What is needed -
The entries below should be repeated exactly, with no pictures carried over.

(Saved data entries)

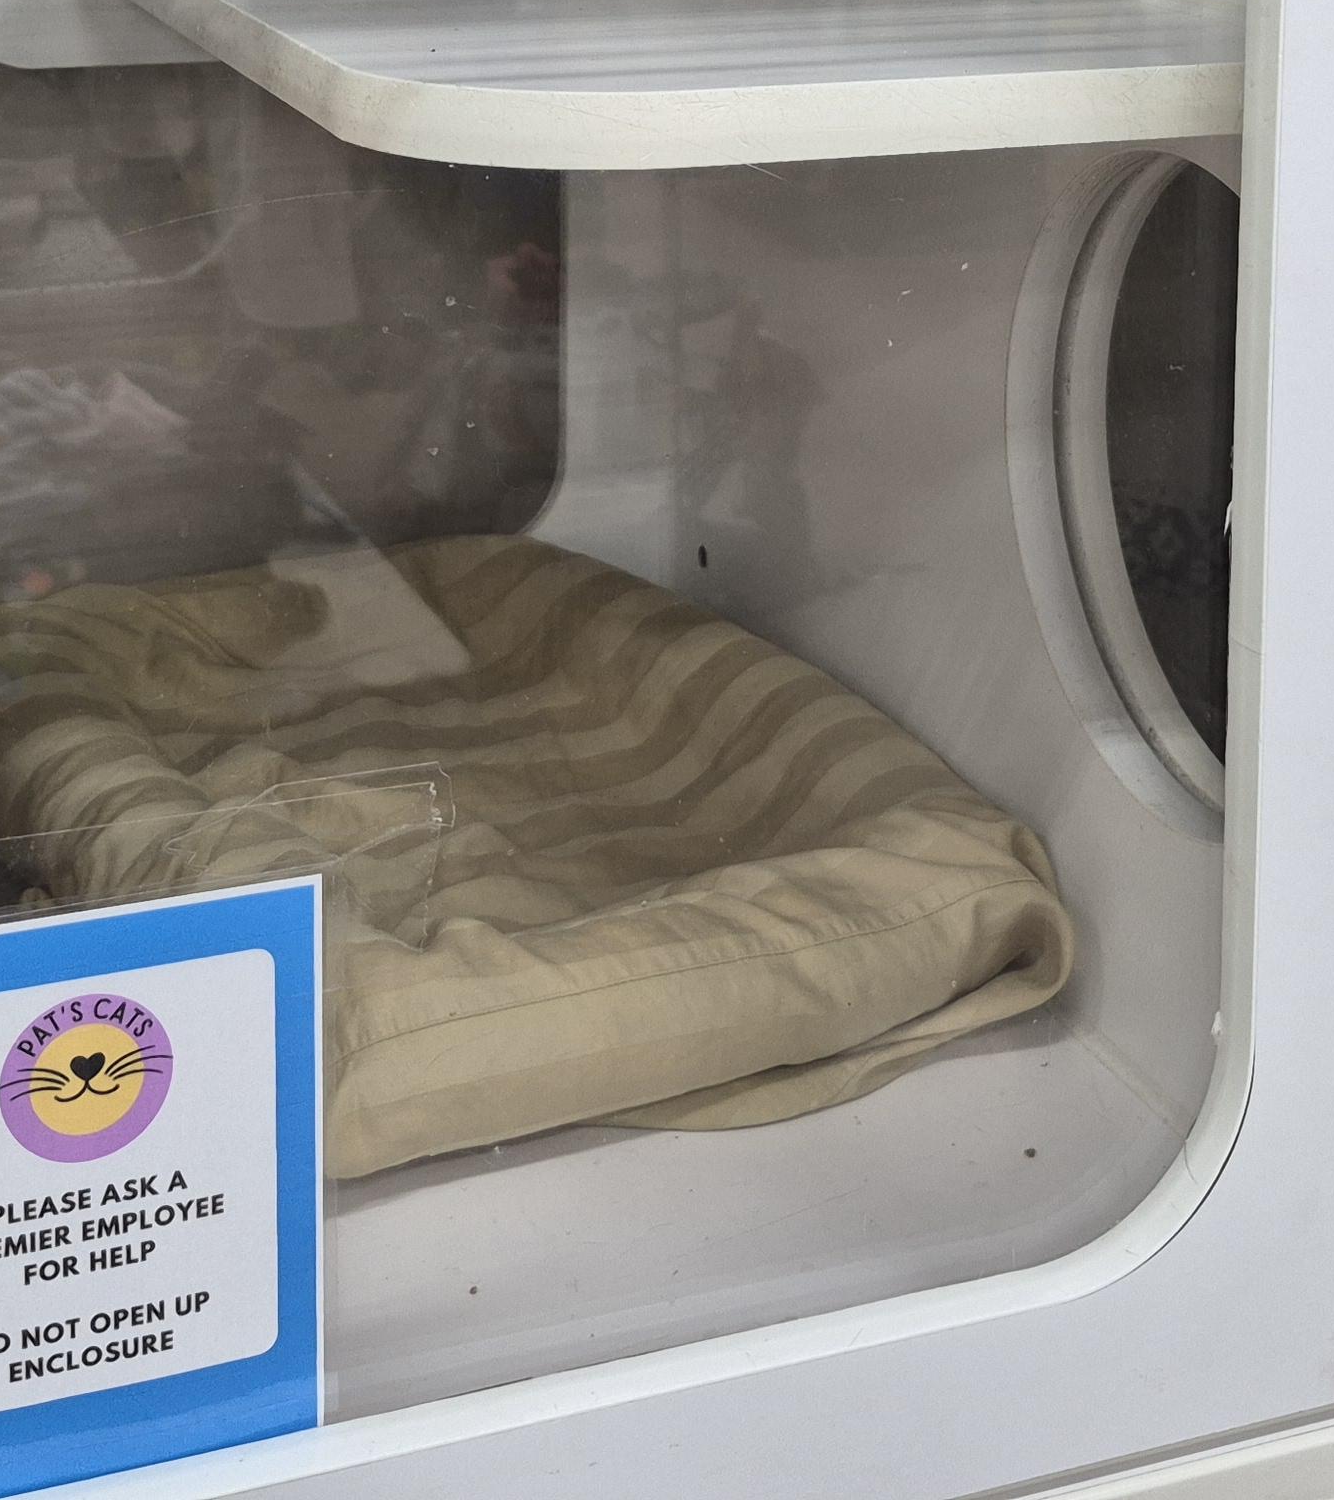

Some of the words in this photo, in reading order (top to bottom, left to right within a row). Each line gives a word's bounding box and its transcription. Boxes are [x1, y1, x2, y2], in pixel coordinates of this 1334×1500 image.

[17, 1001, 84, 1057] PAT'S
[93, 998, 154, 1037] CATS
[100, 1175, 159, 1207] ASK
[167, 1170, 188, 1193] A
[81, 1193, 226, 1241] EMPLOYEE
[23, 1256, 80, 1286] FOR
[89, 1240, 157, 1273] HELP
[20, 1318, 80, 1350] NOT
[89, 1299, 165, 1334] OPEN
[174, 1290, 211, 1316] UP
[7, 1329, 175, 1384] ENCLOSURE
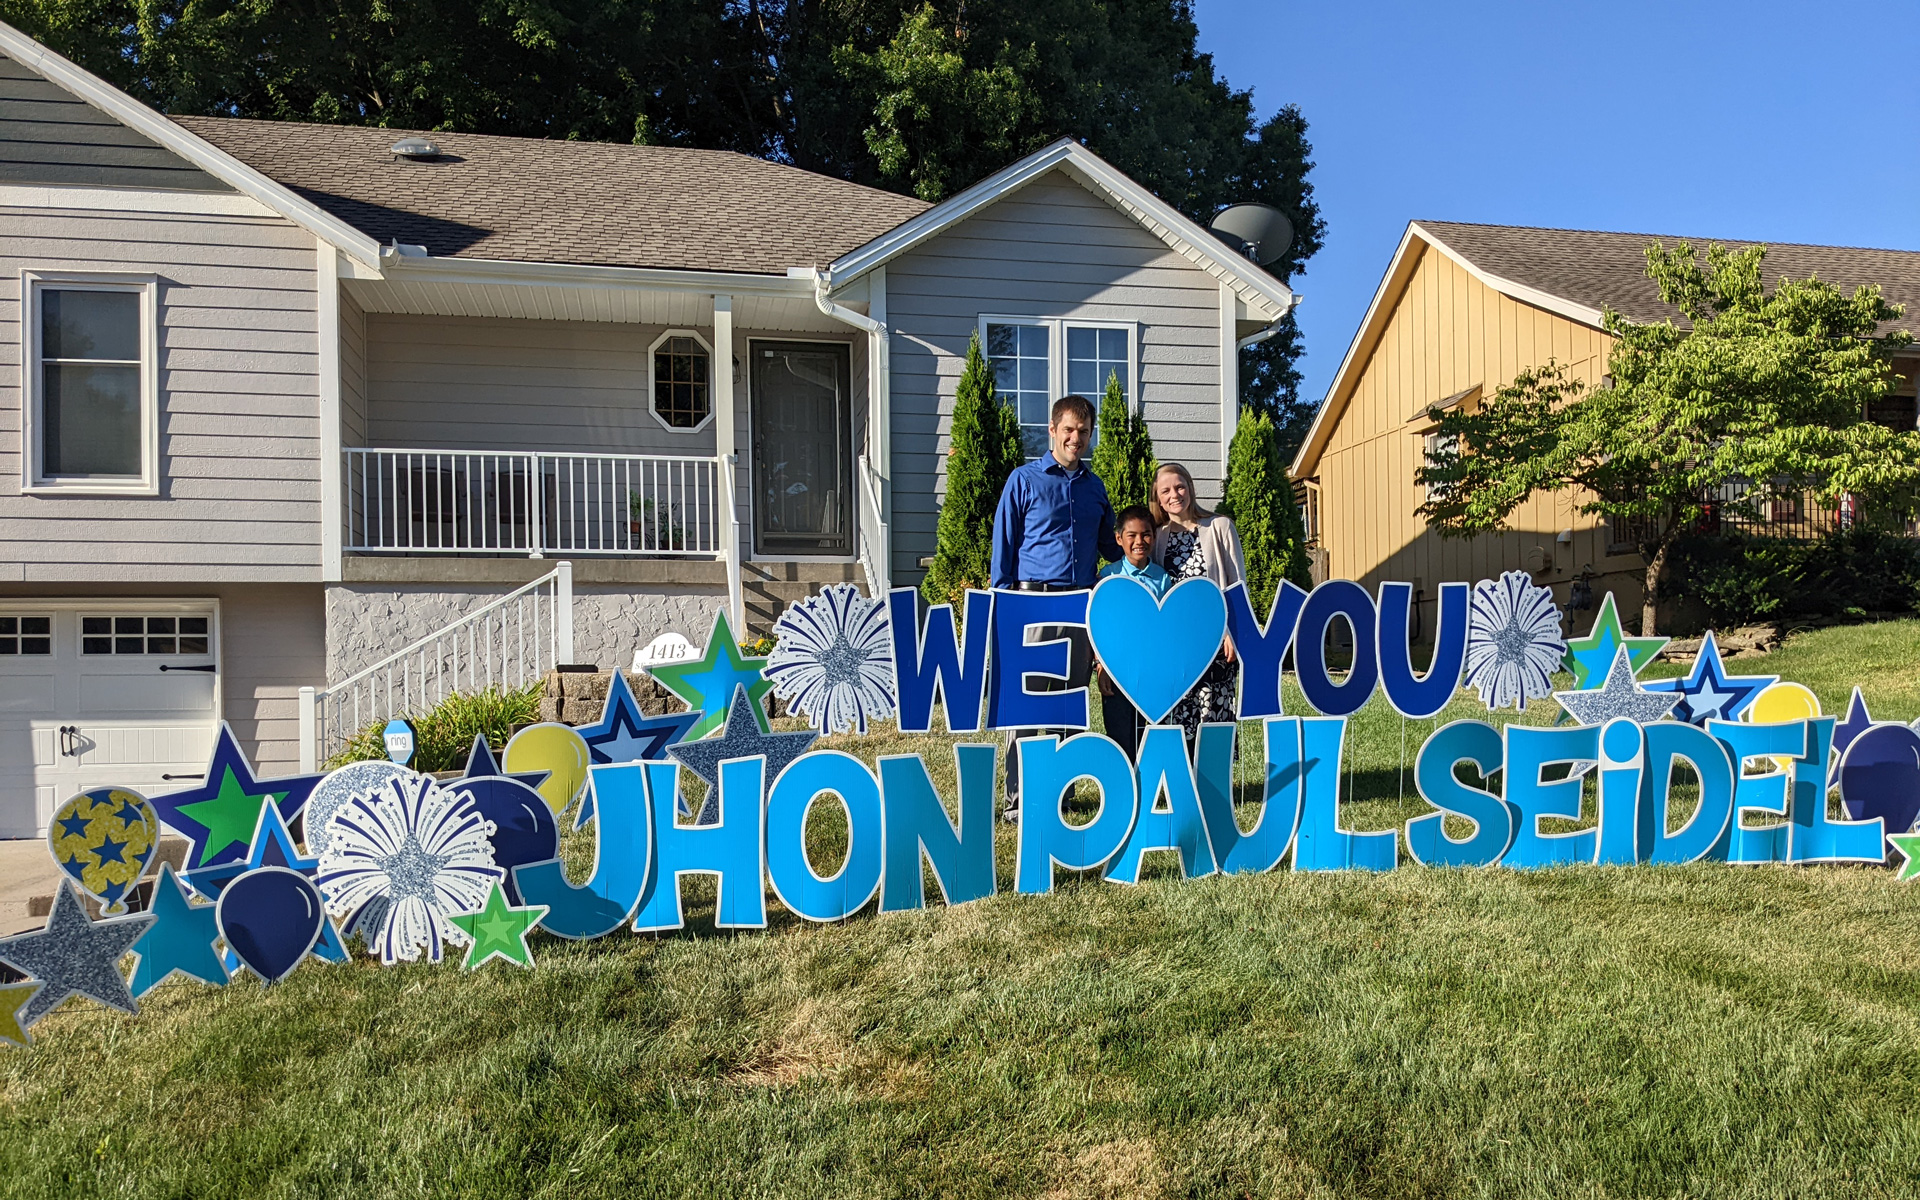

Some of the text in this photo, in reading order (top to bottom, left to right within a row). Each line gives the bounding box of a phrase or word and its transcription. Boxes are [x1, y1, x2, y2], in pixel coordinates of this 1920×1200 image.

Answer for the task -
Some of the words in this photo, in reading order (top to bottom, left to right within a row). Each line gives a word's bounding box and its transcription. Boxes are [x1, y1, x2, y2], in pixel coordinates of this 1334×1500 image.

[17, 1001, 84, 1057] PAT'S
[93, 998, 154, 1037] CATS
[100, 1175, 159, 1207] ASK
[167, 1170, 188, 1193] A
[81, 1193, 226, 1241] EMPLOYEE
[23, 1256, 80, 1286] FOR
[89, 1240, 157, 1273] HELP
[20, 1318, 80, 1350] NOT
[89, 1299, 165, 1334] OPEN
[174, 1290, 211, 1316] UP
[7, 1329, 175, 1384] ENCLOSURE

Some of the text in this photo, in reading order (top to bottom, left to right within a row). Each line gives the bounding box of a phrase or word and its transcription. Boxes are [x1, y1, x2, y2], in pixel coordinates of this 1920×1200 image.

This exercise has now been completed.